High school NIL signings will be interesting to watch

DeKalb high school basketball coaches joked about how fast Name Image Likeness (NIL) rules were embraced by local policy makers and athletes at DeKalb County School District’s (DCSD) recent media day event held at Tucker High School.

NIL rules—which allow amateur athletes to profit and sign deals based on their followings and brand—went into effect in Georgia in October. In an Oct. 31 seminar on NIL, GHSA Executive Director Robin Hines said he doesn’t expect a big change following the rule, but the explosion of NIL in college sports suggests that NIL can ramp up quickly.

At press time, no DeKalb high school athletes had reported any NIL deals to the athletic department — which they’re required to do based on GHSA’s policy. Hines added that only 14 Georgia athletes had reported such deals; three of the reported deals were from junior varsity players who signed a deal with their dads.

However, NIL is in its early stages and several athletes in other counties have signed deals and already debuted promotional content. Terrance Bowen—a student athlete in Cobb County—was recently featured on a billboard advertisement in downtown Atlanta, and Carrollton High School quarterback Julian Lewis had an NIL deal announced by national media outlets.

I believe Georgia is arguably the most talented state in the country for high school sports per capita and has some of the top-ranked student athletes in football and basketball. Georgia is also home to preparatory academies such as Overtime Elite—which houses a group of elite high school basketball players every year—so the rules will be tested.

Lesser-known college athletes have also found a market for NIL deals with small and local businesses. Similar deals could find success in counties such as DeKalb, where high school athletics dominate the local sports scene.

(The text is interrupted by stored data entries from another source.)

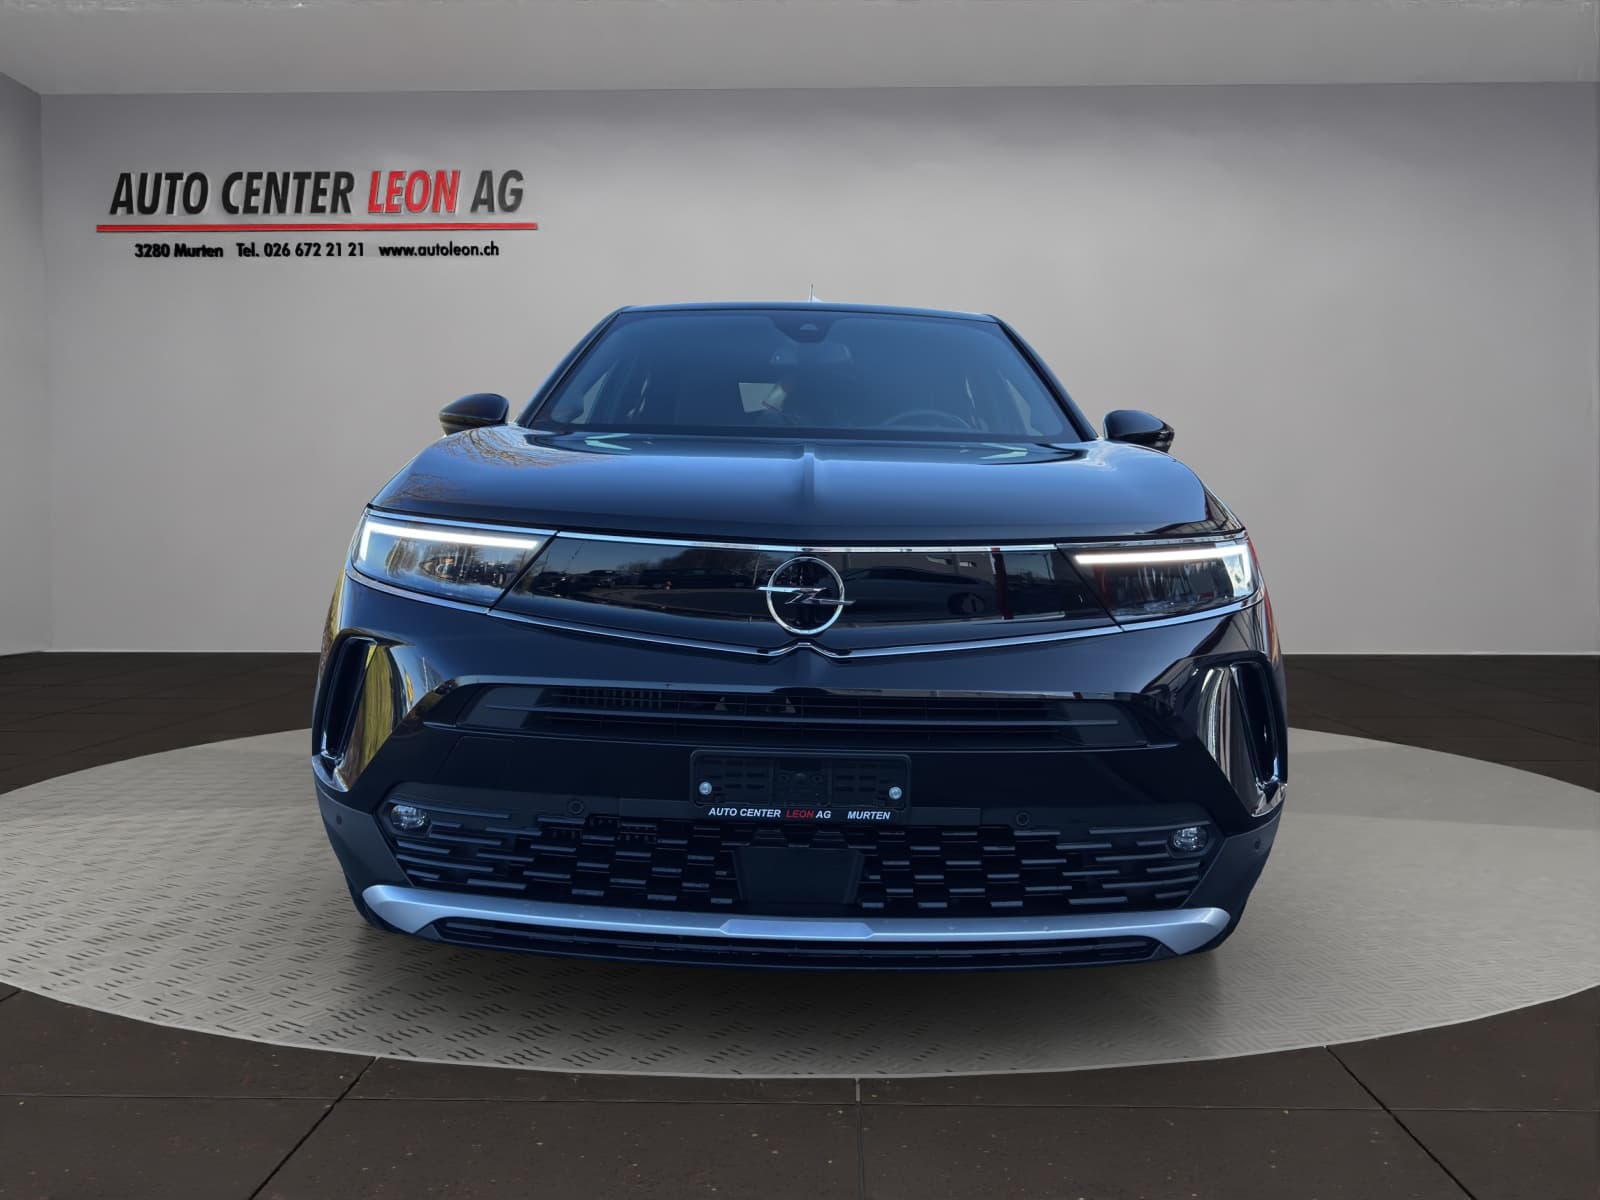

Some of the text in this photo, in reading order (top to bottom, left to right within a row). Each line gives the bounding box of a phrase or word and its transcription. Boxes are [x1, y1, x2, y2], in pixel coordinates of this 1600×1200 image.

[110, 169, 524, 215] AUTO CENTER LEON AG
[134, 241, 499, 258] 3280 Murten Tel. 026 672 21 21 www.autoleon.ch
[708, 807, 891, 820] AUTO CENTER LEON AG MURTEN
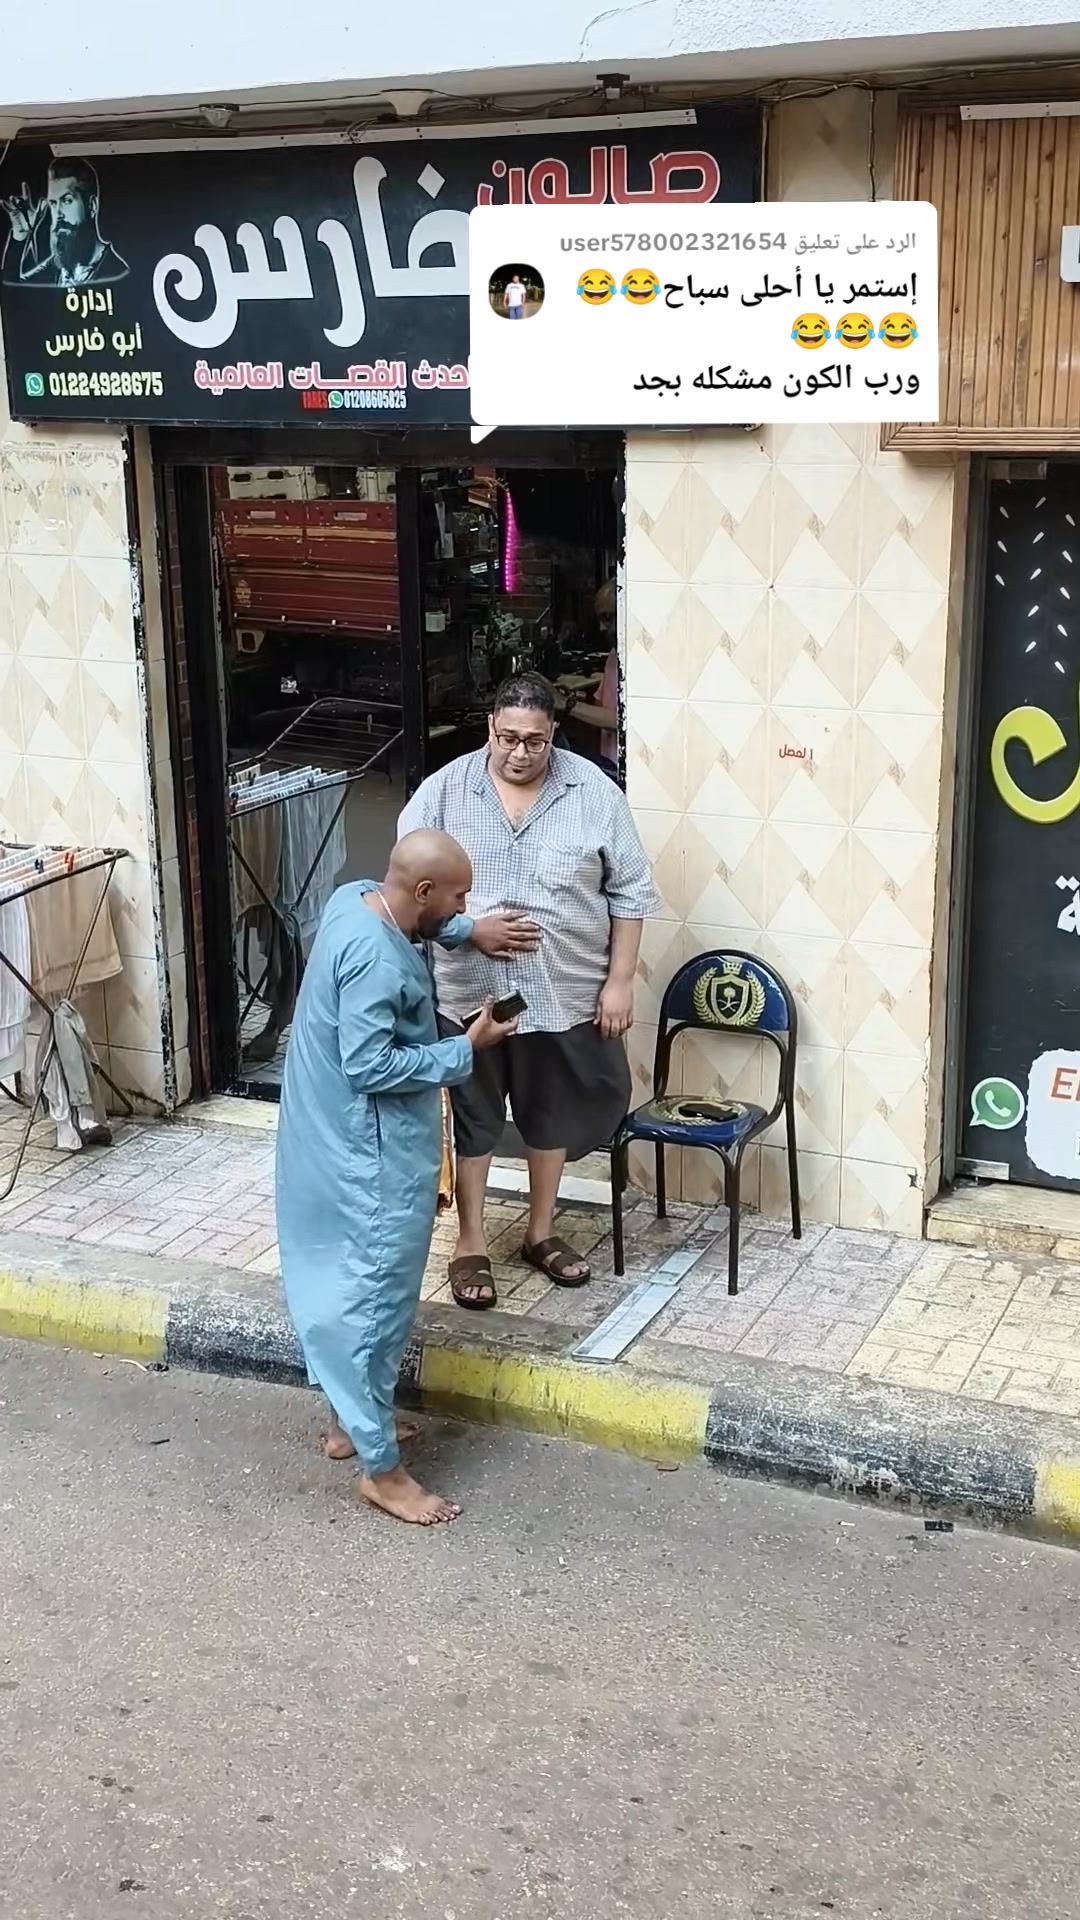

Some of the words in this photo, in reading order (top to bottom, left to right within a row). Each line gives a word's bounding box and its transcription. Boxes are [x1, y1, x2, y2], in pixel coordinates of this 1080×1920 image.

[477, 144, 721, 205] صالون
[153, 156, 471, 349] فارس
[65, 287, 114, 319] إدارة
[45, 326, 105, 358] فارس
[111, 322, 143, 358] أبو
[49, 371, 164, 396] 01224928675
[194, 360, 285, 396] العالمية
[412, 354, 471, 390] حدث
[343, 389, 407, 409] 01208605825
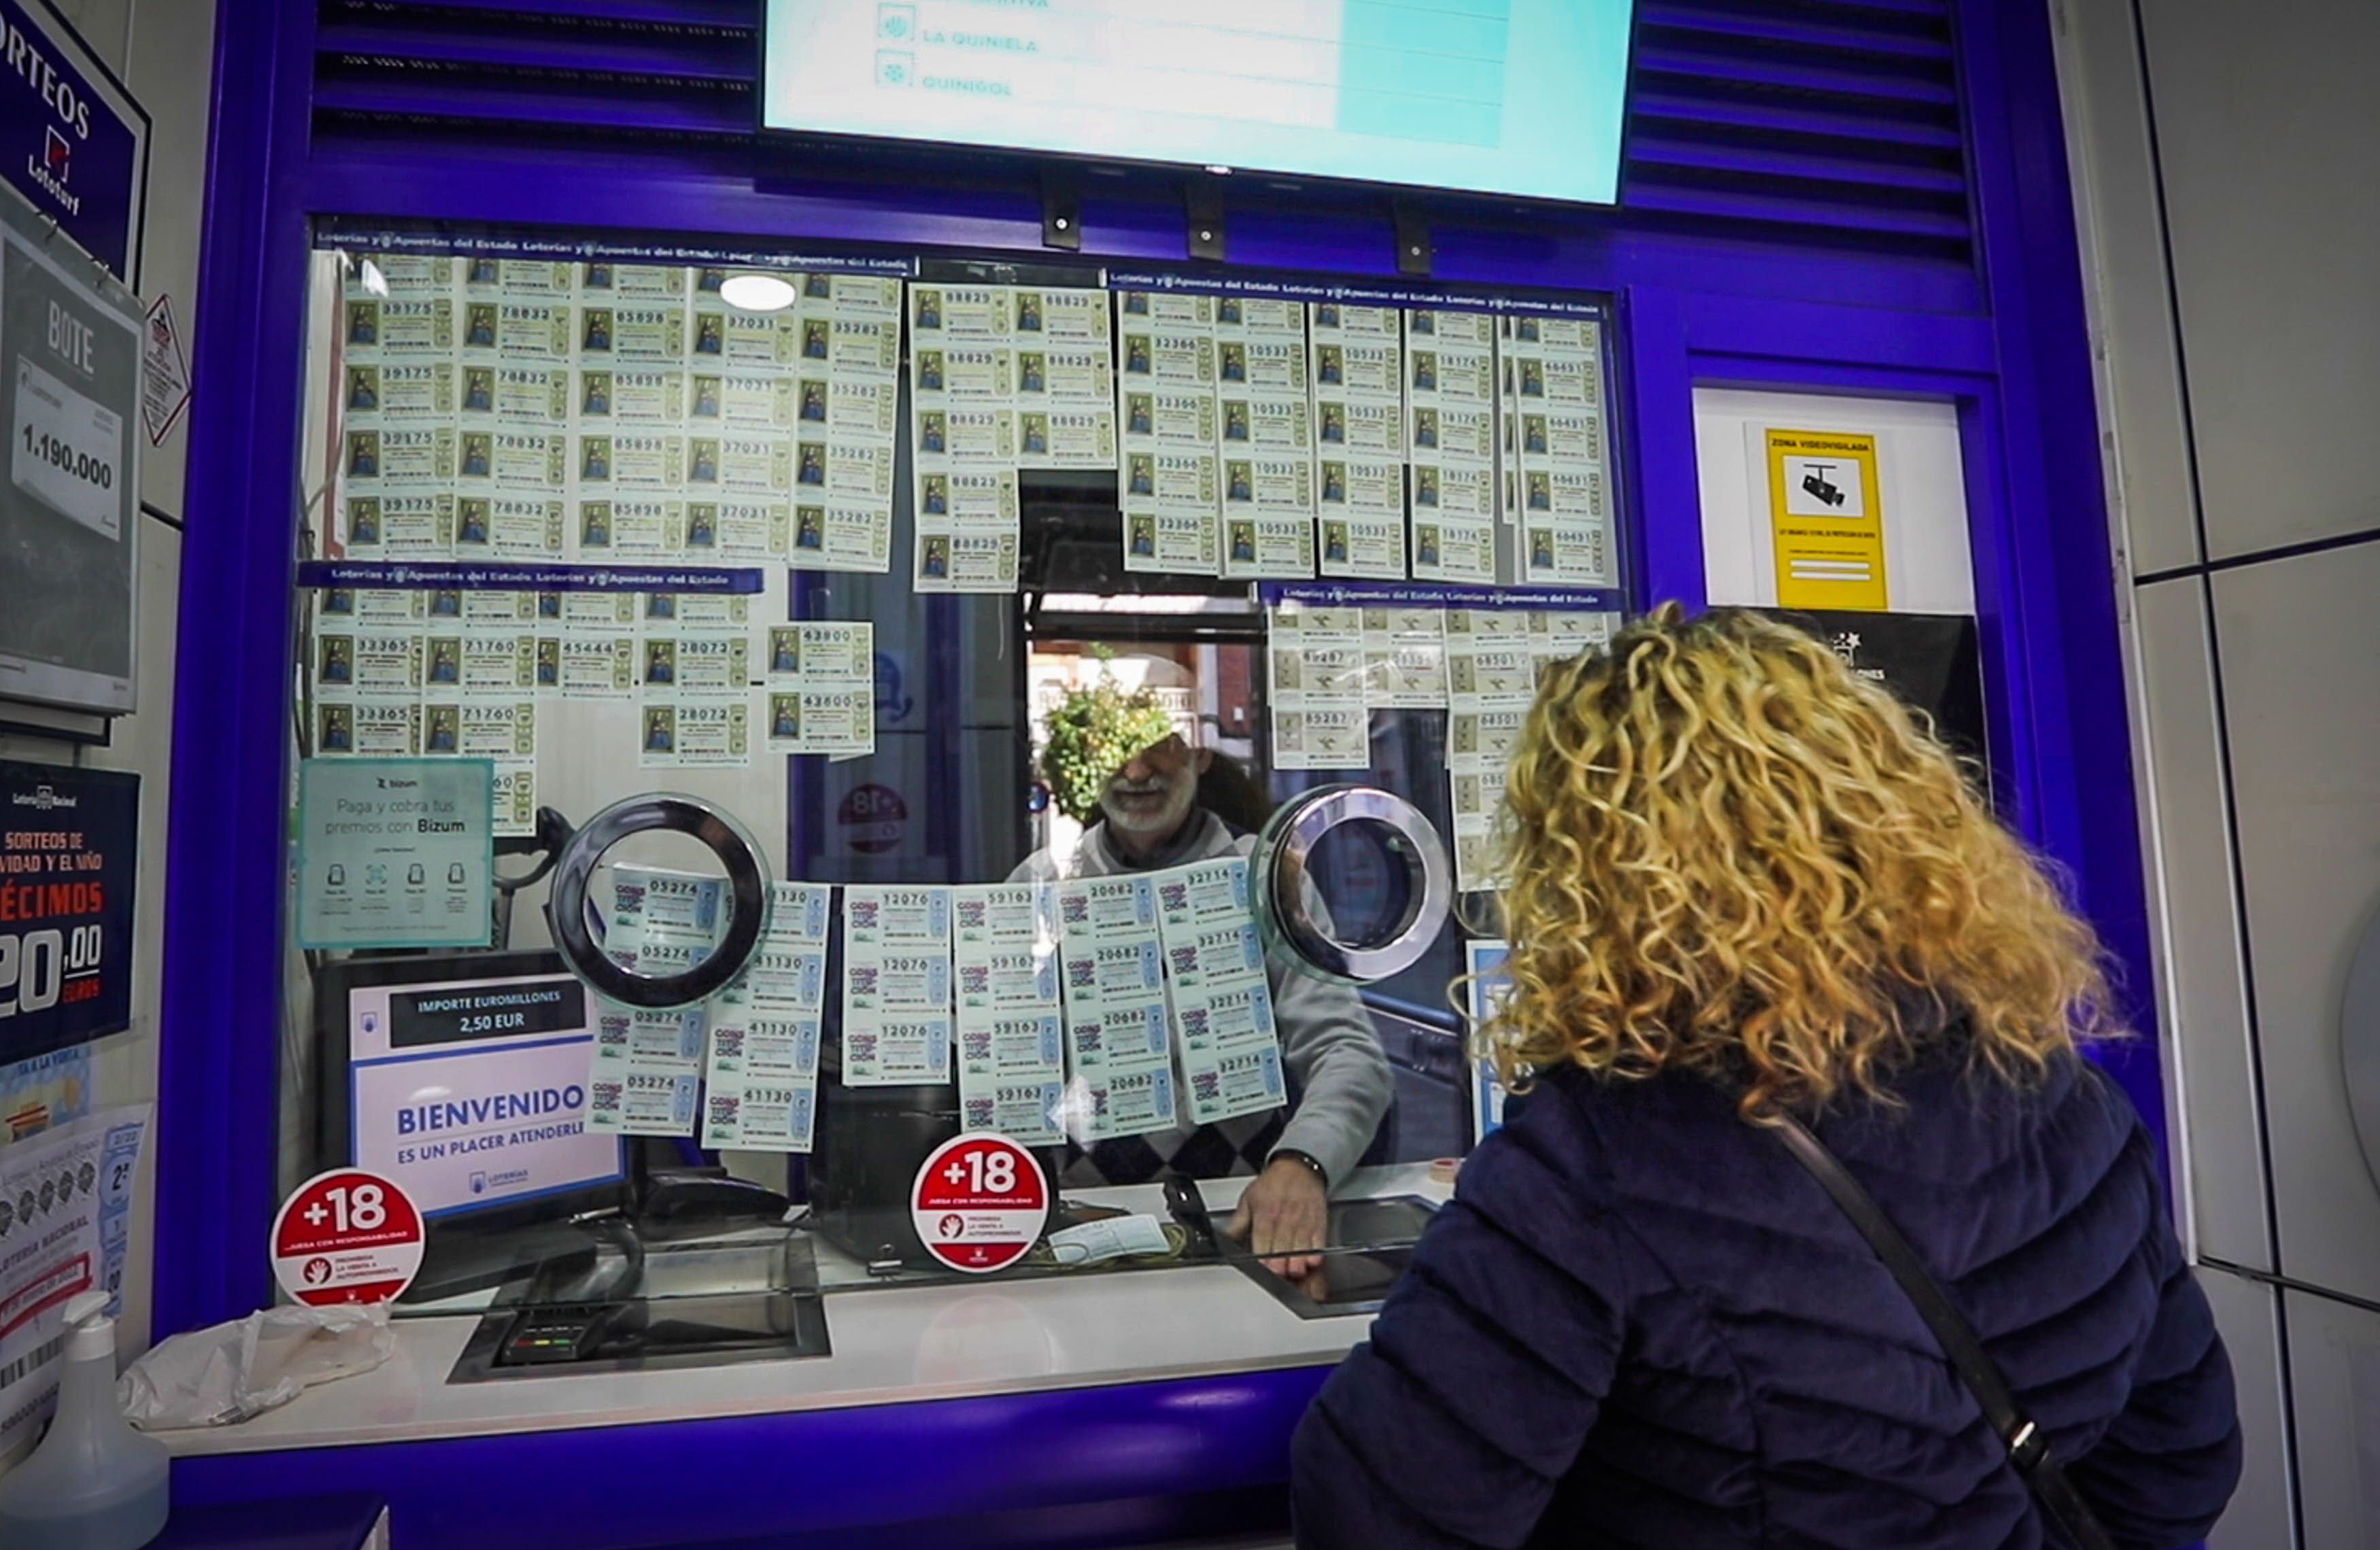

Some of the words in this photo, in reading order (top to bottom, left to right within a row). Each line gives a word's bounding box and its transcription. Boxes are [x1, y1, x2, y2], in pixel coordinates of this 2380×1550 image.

The benefits of NIL are obvious, even if it doesn’t grow to the level it has in college sports. Georgia can now keep its top athletes from transferring to participating states, can convince athletes not to leave early for colleges, and can offer assurance in the form of NIL so athletes can play without as much fear of injury.

Hines said policy makers and GHSA officials have also educated their members about the rules of NIL to make sure no one accidentally violates their eligibility. According to the NIL rules, GHSA athletes can’t do promotional content in school jerseys and can’t use their school names in the content. It also restricts athletes from signing NIL deals based on performance.

The potential downside is still obvious on paper, even if all parties are educated on eligibility rules.

Everyone who keeps up with college sports knows how insane the transfer portal has become, in part due to NIL, and the recruiting changes that took place after NIL went into effect.

Hines said GHSA is keeping its transfer and eligibility rules in place to prevent an open transfer market from happening in Georgia. According to Hines, transfers will take place as usual, but any transfers with NIL deals in place at the new school will not be granted eligibility.

Monitoring NIL in Georgia will be interesting, as we’ve seen transfer and eligibility scandals born from the pursuit of state titles and college scholarships. Things could get even more dicey with money involved. Or, if GHSA’s rules work, the state could be a model for the remaining 20 U.S. states that haven’t passed such laws.

College athletic departments have operated in the grey areas of NIL at times – which has created some of the problems associated with NIL. If Georgia’s policies can avoid those conflicts, then the rule will be a win for everyone involved.